Extracted records:

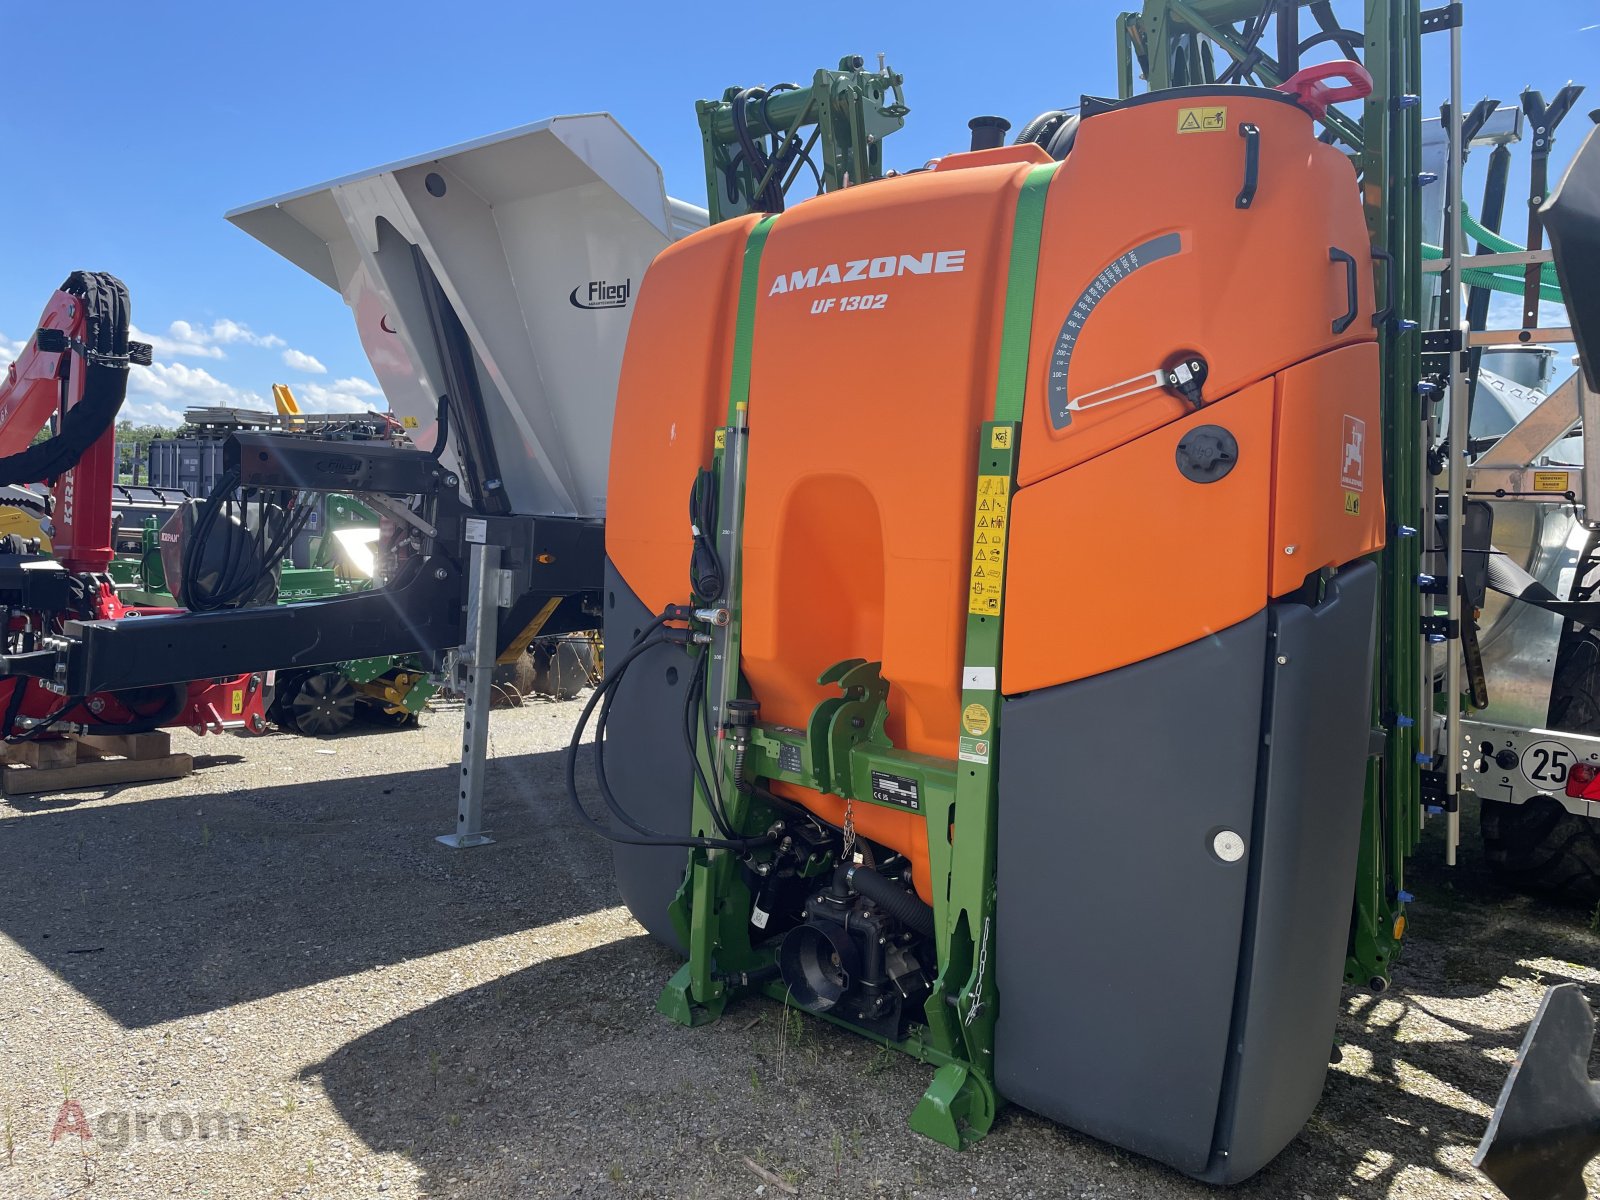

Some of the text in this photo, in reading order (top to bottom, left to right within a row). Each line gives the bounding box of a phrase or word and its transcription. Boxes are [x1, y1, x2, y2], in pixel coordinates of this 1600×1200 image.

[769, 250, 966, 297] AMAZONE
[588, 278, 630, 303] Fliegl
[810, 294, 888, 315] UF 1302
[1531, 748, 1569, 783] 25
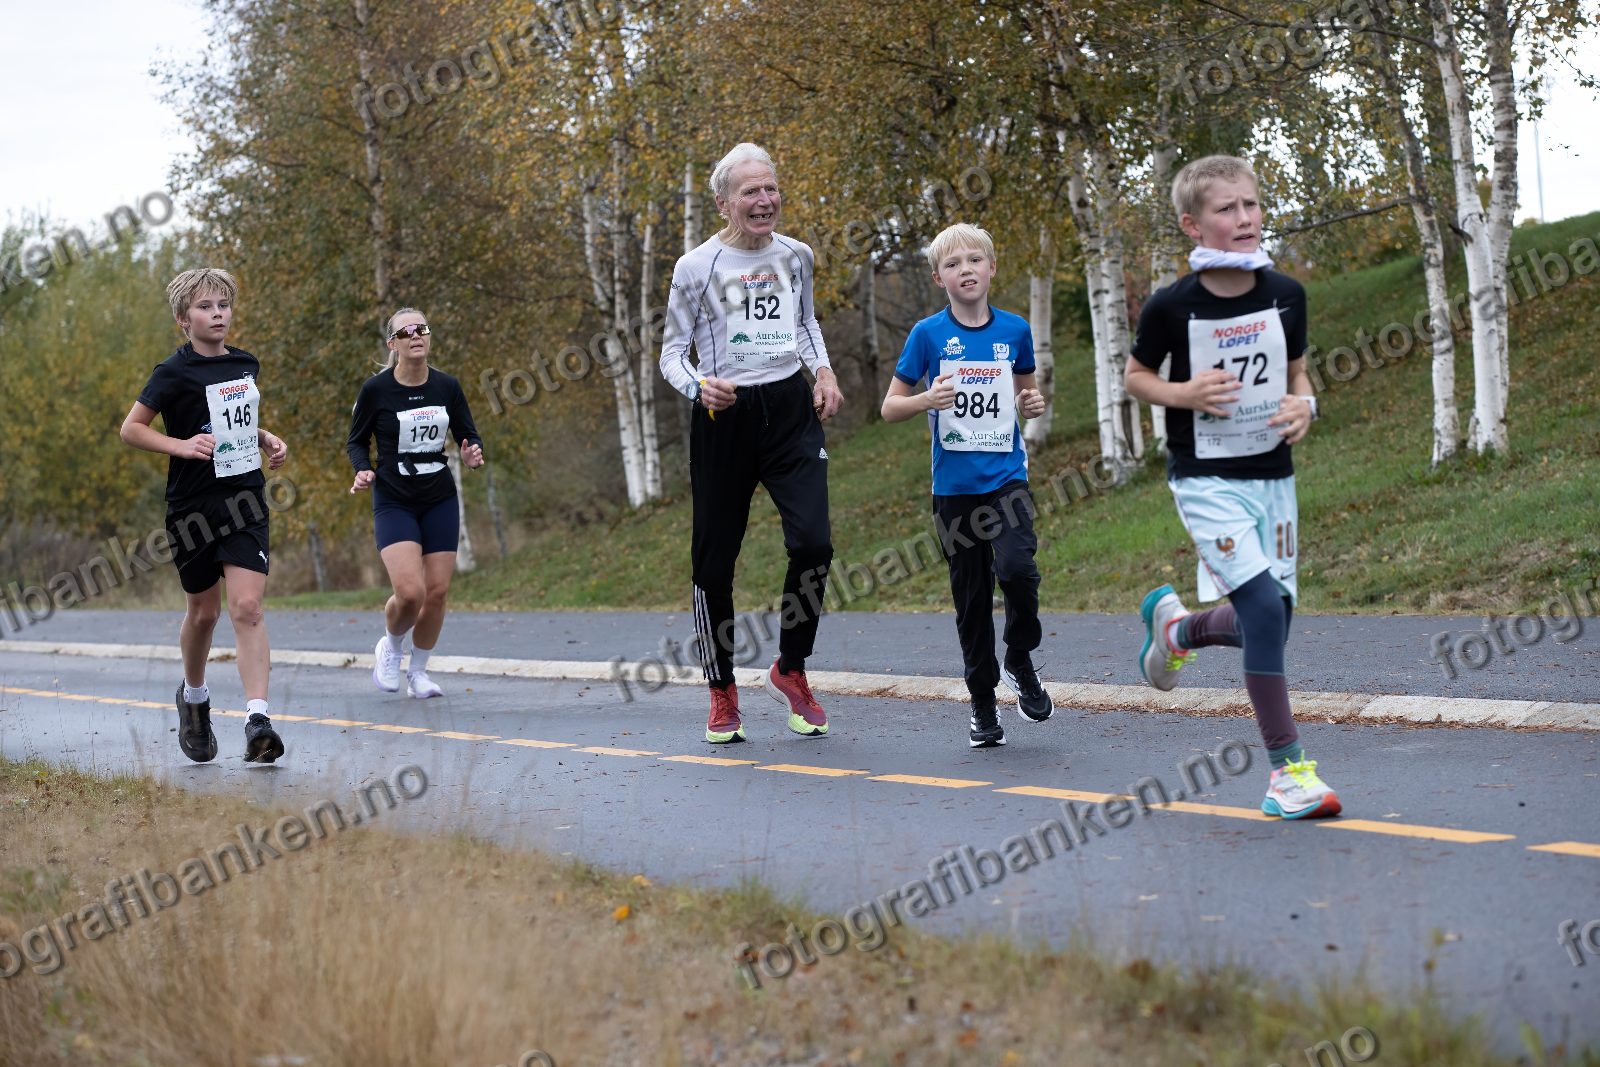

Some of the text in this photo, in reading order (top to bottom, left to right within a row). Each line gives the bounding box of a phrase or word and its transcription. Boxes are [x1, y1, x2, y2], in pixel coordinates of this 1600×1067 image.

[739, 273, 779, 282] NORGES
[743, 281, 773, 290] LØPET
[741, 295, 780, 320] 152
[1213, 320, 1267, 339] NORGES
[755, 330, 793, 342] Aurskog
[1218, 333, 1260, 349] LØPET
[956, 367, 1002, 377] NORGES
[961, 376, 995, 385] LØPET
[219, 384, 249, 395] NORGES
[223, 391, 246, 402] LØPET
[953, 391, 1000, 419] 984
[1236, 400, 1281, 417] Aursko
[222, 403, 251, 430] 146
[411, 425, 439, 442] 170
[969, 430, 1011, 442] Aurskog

▸ **Brief**:
You need to restate all of the entries above exactly and leave the pictures behind.

▸ **Result of the task**:
Some of the text in this photo, in reading order (top to bottom, left to right within a row). Each line gives the bounding box of a phrase or word and its transcription. Boxes are [x1, y1, x2, y2], in pixel coordinates of this 1600×1200 image.

[769, 250, 966, 297] AMAZONE
[588, 278, 630, 303] Fliegl
[810, 294, 888, 315] UF 1302
[1531, 748, 1569, 783] 25

Some of the text in this photo, in reading order (top to bottom, left to right within a row). Each line gives the bounding box of a phrase or word and its transcription. Boxes are [x1, y1, x2, y2], in pixel coordinates of this 1600×1067 image.

[739, 273, 779, 282] NORGES
[743, 281, 773, 290] LØPET
[741, 295, 780, 320] 152
[1213, 320, 1267, 339] NORGES
[755, 330, 793, 342] Aurskog
[1218, 333, 1260, 349] LØPET
[956, 367, 1002, 377] NORGES
[961, 376, 995, 385] LØPET
[219, 384, 249, 395] NORGES
[223, 391, 246, 402] LØPET
[953, 391, 1000, 419] 984
[1236, 400, 1281, 417] Aursko
[222, 403, 251, 430] 146
[411, 425, 439, 442] 170
[969, 430, 1011, 442] Aurskog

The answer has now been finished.